Environmental litigants scored a major victory in the Sixth Circuit Court of Appeals earlier this year when Judge R. Guy Cole Jr. threw out an Environmental Protection Agency (EPA) final regulation that did not require entities applying pesticides in compliance with the Federal Insecticide, Fungicide, and Rodenticide Act (FIFRA) to obtain a National Pollutant Discharge Elimination System (NPDES) permit under the Clean Water Act.

Judge Cole's January 9th opinion concluded that the regulation exceeded EPA's interpretive authority. The decision was based in part on arguments posed by both environmental and industry groups who petitioned the court to vacate the rule. While EPA argued that the CWA was ambiguous and its construction of the terms of the statute was reasonable, Cole disagreed concluding that the text of the statute was clear and that it was his duty as a Judge to ensure that agency interpretations of statutes reflect the unambiguous intent of congress.

As is often the case in litigation, not everyone is happy with the court's conclusion. One concern, raised by the National Association of Wheat Growers (NAWG), is that thousands of farmers who apply pesticides to their crops in accordance with federal law will nonetheless be required to apply for CWA permits in order to continue their work.

Despite such concerns, the decision is a great victory for those concerned with the management of non point source pollution, or pollutants introduced into the environment from sources like run off rather than from the end of a pipe. Indeed, the Court found that the application of pesticides was a point source; rejecting EPA's argument that the residue that eventually reaches navigable waters cannot be considered to have come from a point source.

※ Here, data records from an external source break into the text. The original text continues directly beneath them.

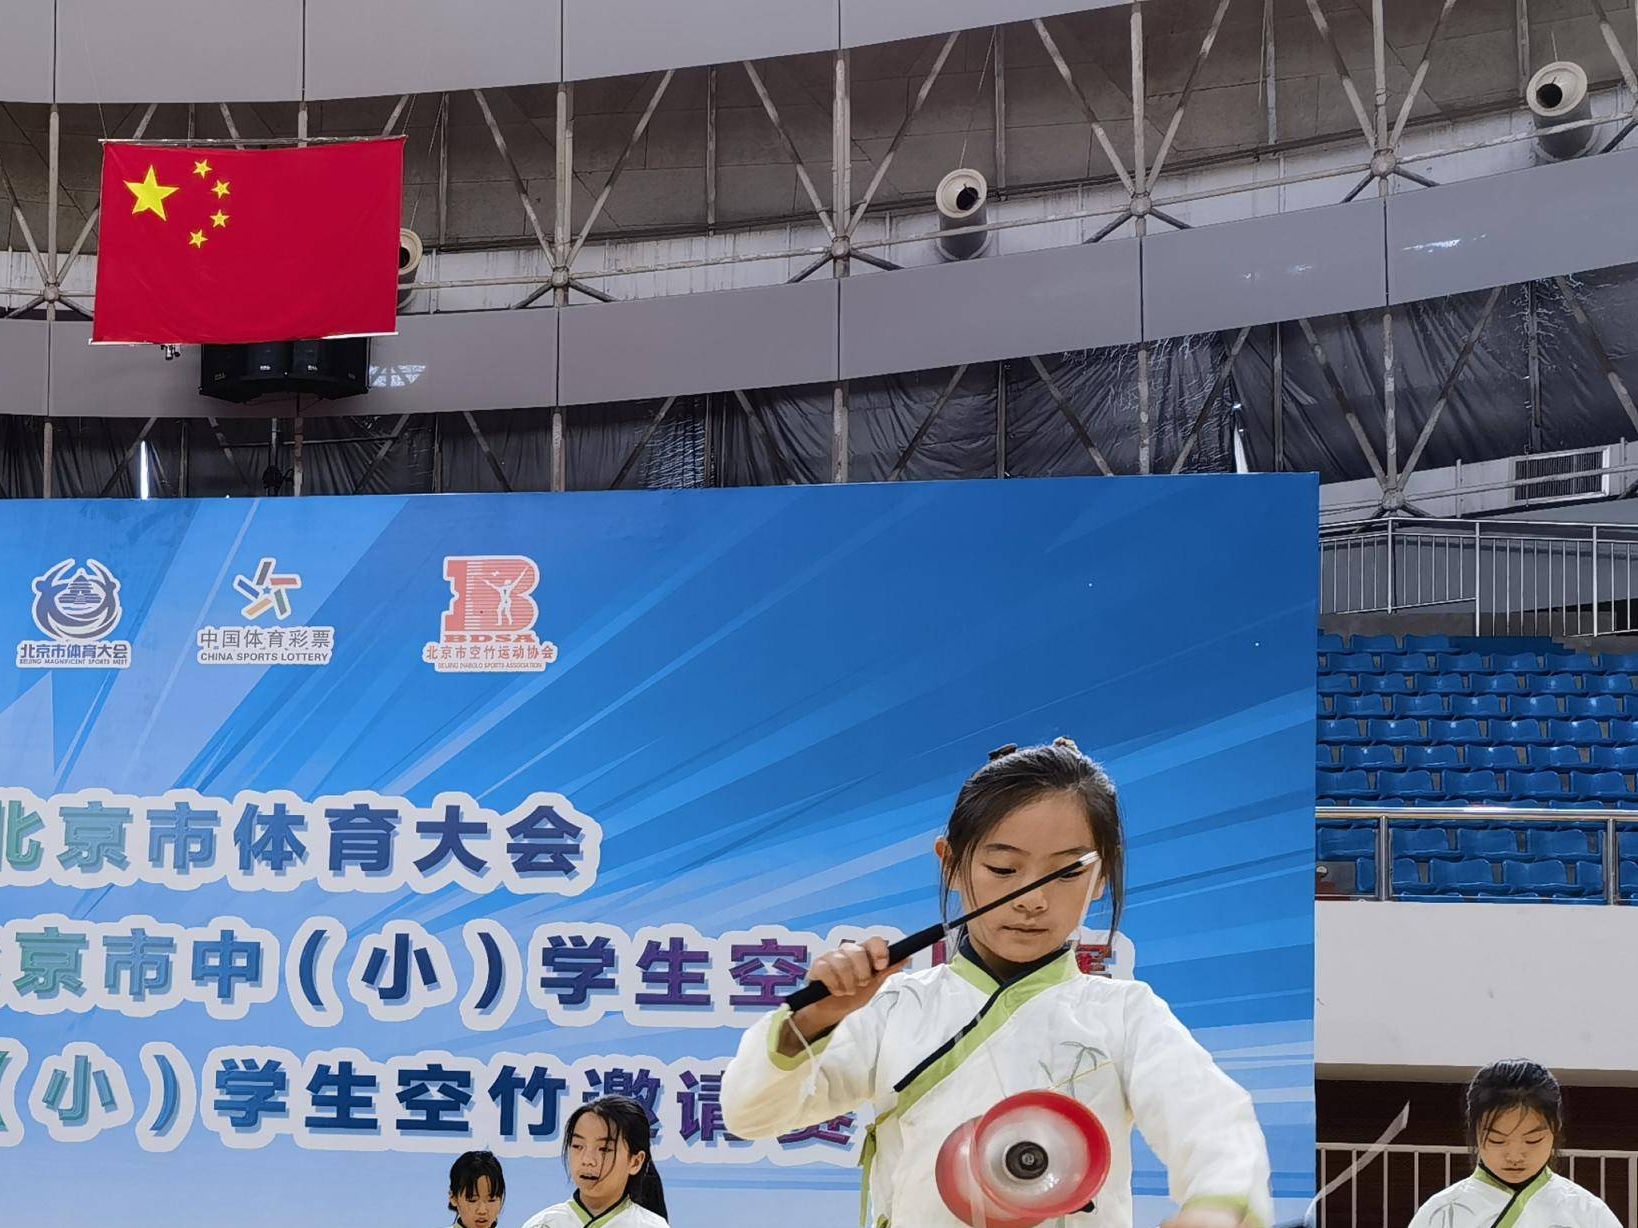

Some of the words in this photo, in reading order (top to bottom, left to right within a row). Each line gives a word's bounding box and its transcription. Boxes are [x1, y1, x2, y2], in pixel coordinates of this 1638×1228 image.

[201, 629, 330, 648] 中国体育彩票
[444, 634, 536, 643] BDSA
[20, 644, 128, 659] 北京市体育大会
[201, 653, 233, 661] CHINA
[237, 653, 278, 661] SPORTS
[280, 653, 328, 661] LOTTERY
[426, 645, 554, 660] 北京市空竹运动协会

Groups opposed to Judge Cole's decision are contemplating a petition to the circuit for an en banc rehearing of the case, however the NAWG, one of the potential parties to the petition, does not seem optimistic about its success.

Sources

Nat'l Cotton Counsel of America v. E.P.A., 553 F.3d 927 (6th Cir. 2009).

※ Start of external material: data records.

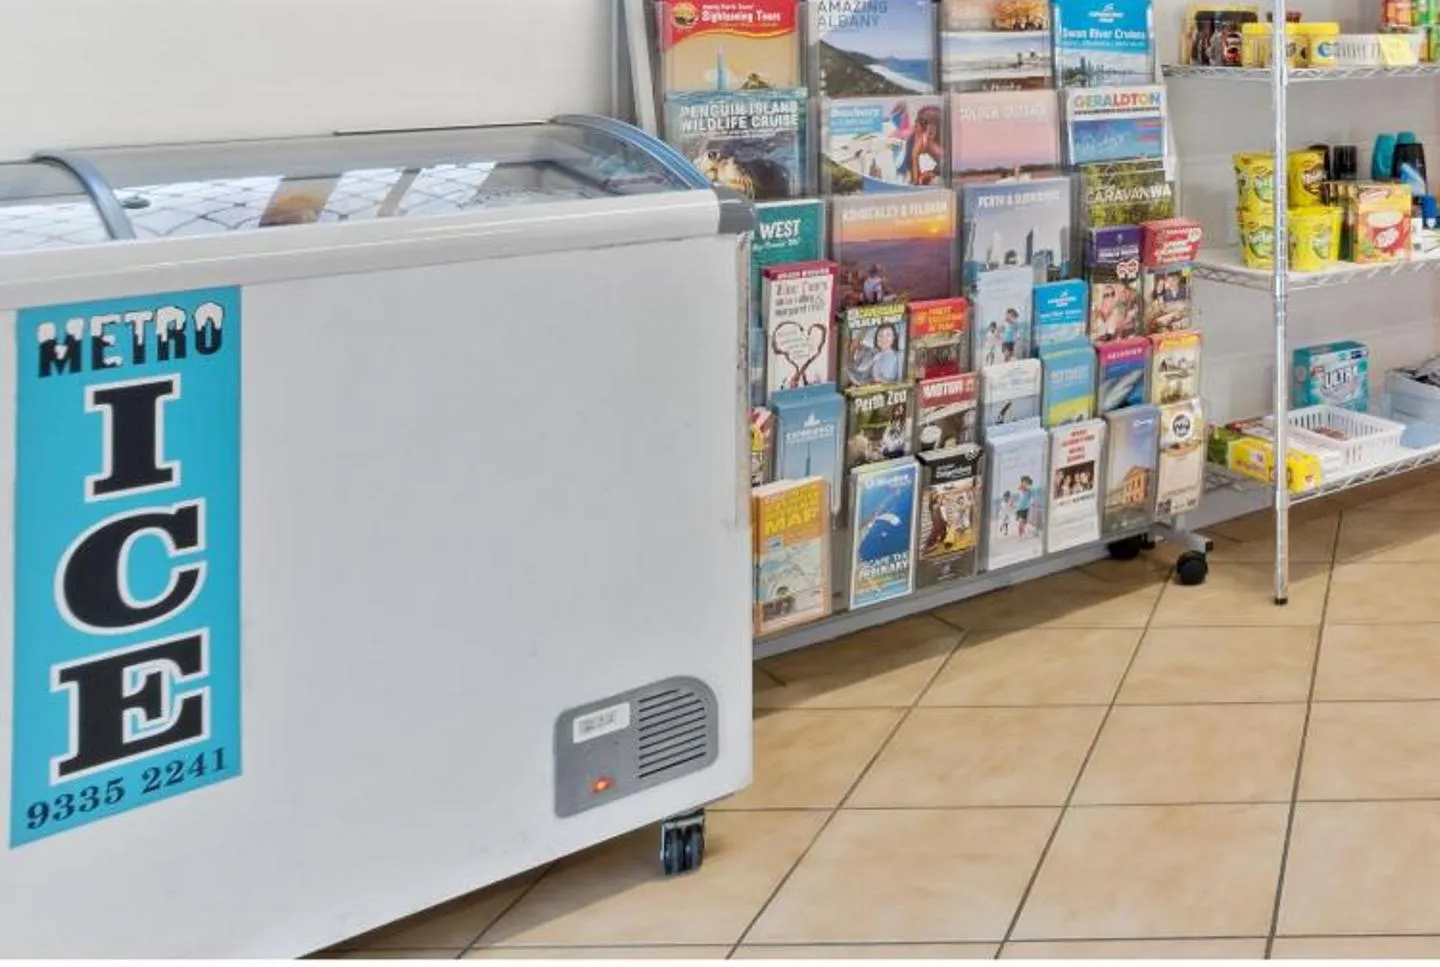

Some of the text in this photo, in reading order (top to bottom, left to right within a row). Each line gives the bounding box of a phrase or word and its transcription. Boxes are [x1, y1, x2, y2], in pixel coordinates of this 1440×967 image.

[817, 0, 889, 14] AMAZING
[817, 12, 882, 28] ALBANY
[680, 100, 798, 119] PENGUIN ISLAND
[1074, 91, 1162, 109] GERALDTON
[680, 114, 799, 133] WILDLIFE CRUISE
[759, 219, 801, 239] WEST
[37, 301, 225, 378] METRO
[886, 389, 908, 406] Zoo
[26, 745, 229, 831] 9335 2241
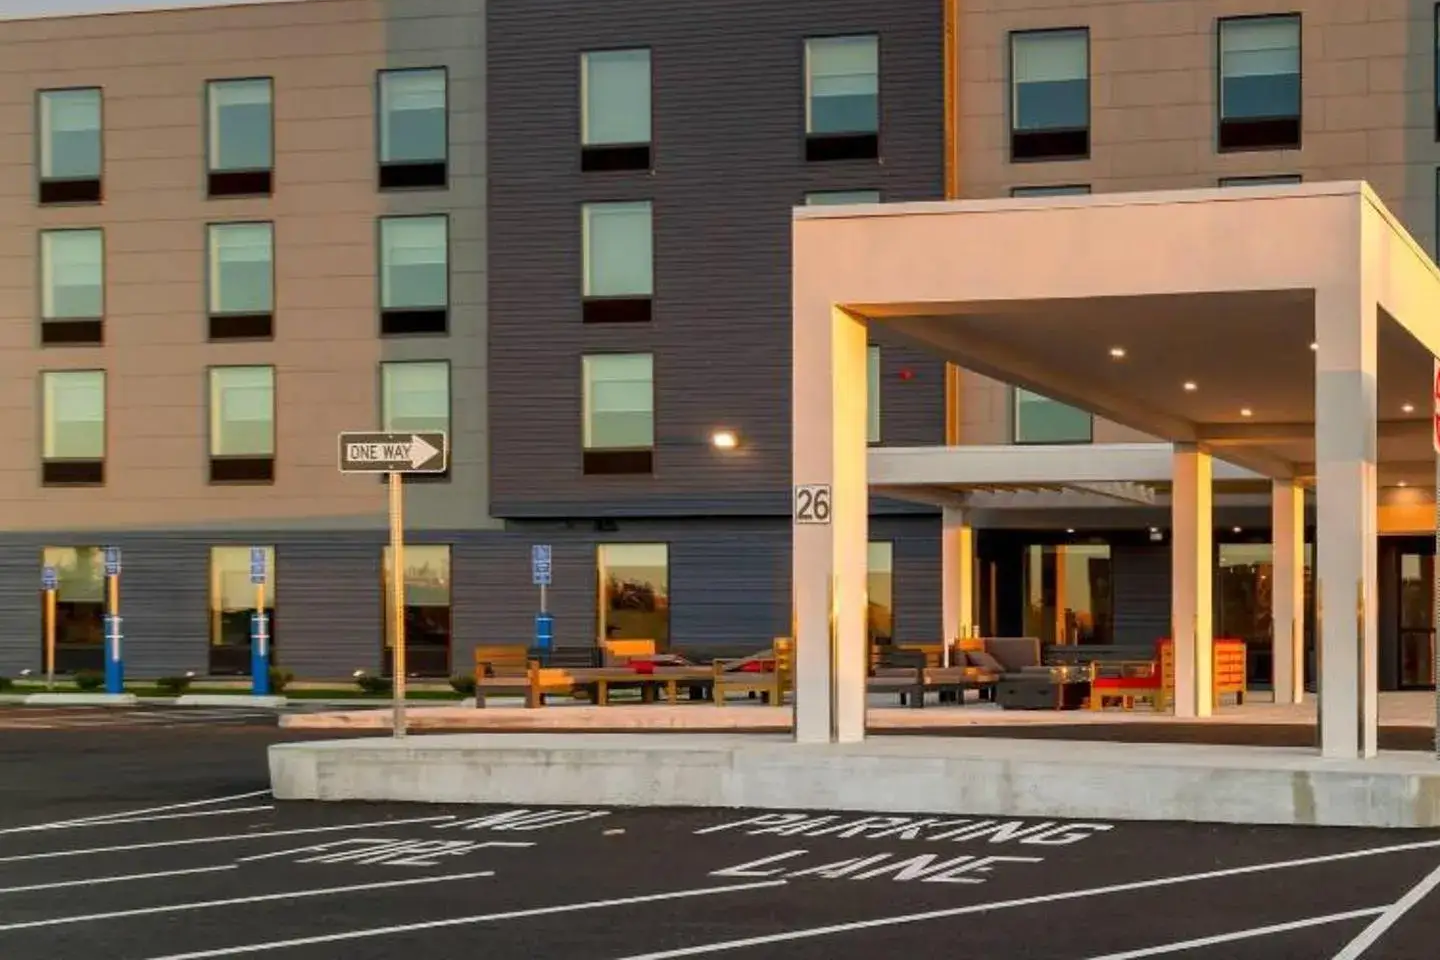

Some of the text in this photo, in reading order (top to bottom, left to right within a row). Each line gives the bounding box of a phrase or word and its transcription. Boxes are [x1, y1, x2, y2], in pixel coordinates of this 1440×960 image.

[351, 444, 411, 460] ONE WAY
[798, 489, 829, 520] 26
[432, 809, 1116, 846] NO PARKING
[236, 838, 1045, 884] FIRE LANE

Steward D. Fried & Gary H. Baise, Impacts of National Cotton Counsel v. EPA: Wheat Growers may Need NPDS Permits to Apply Pesticides, News from the National Association of Wheat Growers, February 20th 2009, http://www.wheatworld.org/html/news.cfm?ID=1551.

Clean Water Act 33 U.S.C. 1342 (2008) (NPDS permitting system).

See Clean Water Act 33 U.S.C. 1362 (6), (12), (14) (2008) (Defining pollutant, discharge of a pollutant, and point source).